Segment Start: Task data
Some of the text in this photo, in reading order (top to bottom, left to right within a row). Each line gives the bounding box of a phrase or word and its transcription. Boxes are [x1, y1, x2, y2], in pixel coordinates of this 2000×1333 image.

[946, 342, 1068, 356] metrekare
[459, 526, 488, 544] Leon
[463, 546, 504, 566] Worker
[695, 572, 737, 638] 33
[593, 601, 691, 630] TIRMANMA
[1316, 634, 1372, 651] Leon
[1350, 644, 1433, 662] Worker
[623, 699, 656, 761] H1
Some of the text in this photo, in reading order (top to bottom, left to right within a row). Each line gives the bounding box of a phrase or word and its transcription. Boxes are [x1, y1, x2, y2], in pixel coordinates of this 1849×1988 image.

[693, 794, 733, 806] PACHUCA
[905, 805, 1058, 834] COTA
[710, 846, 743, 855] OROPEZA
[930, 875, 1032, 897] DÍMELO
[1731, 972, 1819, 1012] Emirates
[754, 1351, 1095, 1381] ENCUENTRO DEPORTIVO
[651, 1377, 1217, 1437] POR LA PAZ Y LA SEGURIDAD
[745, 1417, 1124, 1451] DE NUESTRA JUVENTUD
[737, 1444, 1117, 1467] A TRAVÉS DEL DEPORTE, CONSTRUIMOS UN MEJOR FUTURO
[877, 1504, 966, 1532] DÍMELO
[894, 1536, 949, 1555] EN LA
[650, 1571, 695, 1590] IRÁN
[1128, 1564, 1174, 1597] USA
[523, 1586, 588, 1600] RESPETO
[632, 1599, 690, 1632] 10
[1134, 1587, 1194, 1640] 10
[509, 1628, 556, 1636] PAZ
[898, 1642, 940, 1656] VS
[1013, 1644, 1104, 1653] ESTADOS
Segment End: Task data
Each of the records should be written out again, exactly as it reads.

Some of the text in this photo, in reading order (top to bottom, left to right within a row). Each line gives the bounding box of a phrase or word and its transcription. Boxes are [x1, y1, x2, y2], in pixel coordinates of this 2000×1333 image.

[946, 342, 1068, 356] metrekare
[459, 526, 488, 544] Leon
[463, 546, 504, 566] Worker
[695, 572, 737, 638] 33
[593, 601, 691, 630] TIRMANMA
[1316, 634, 1372, 651] Leon
[1350, 644, 1433, 662] Worker
[623, 699, 656, 761] H1
Some of the text in this photo, in reading order (top to bottom, left to right within a row). Each line gives the bounding box of a phrase or word and its transcription. Boxes are [x1, y1, x2, y2], in pixel coordinates of this 1849×1988 image.

[693, 794, 733, 806] PACHUCA
[905, 805, 1058, 834] COTA
[710, 846, 743, 855] OROPEZA
[930, 875, 1032, 897] DÍMELO
[1731, 972, 1819, 1012] Emirates
[754, 1351, 1095, 1381] ENCUENTRO DEPORTIVO
[651, 1377, 1217, 1437] POR LA PAZ Y LA SEGURIDAD
[745, 1417, 1124, 1451] DE NUESTRA JUVENTUD
[737, 1444, 1117, 1467] A TRAVÉS DEL DEPORTE, CONSTRUIMOS UN MEJOR FUTURO
[877, 1504, 966, 1532] DÍMELO
[894, 1536, 949, 1555] EN LA
[650, 1571, 695, 1590] IRÁN
[1128, 1564, 1174, 1597] USA
[523, 1586, 588, 1600] RESPETO
[632, 1599, 690, 1632] 10
[1134, 1587, 1194, 1640] 10
[509, 1628, 556, 1636] PAZ
[898, 1642, 940, 1656] VS
[1013, 1644, 1104, 1653] ESTADOS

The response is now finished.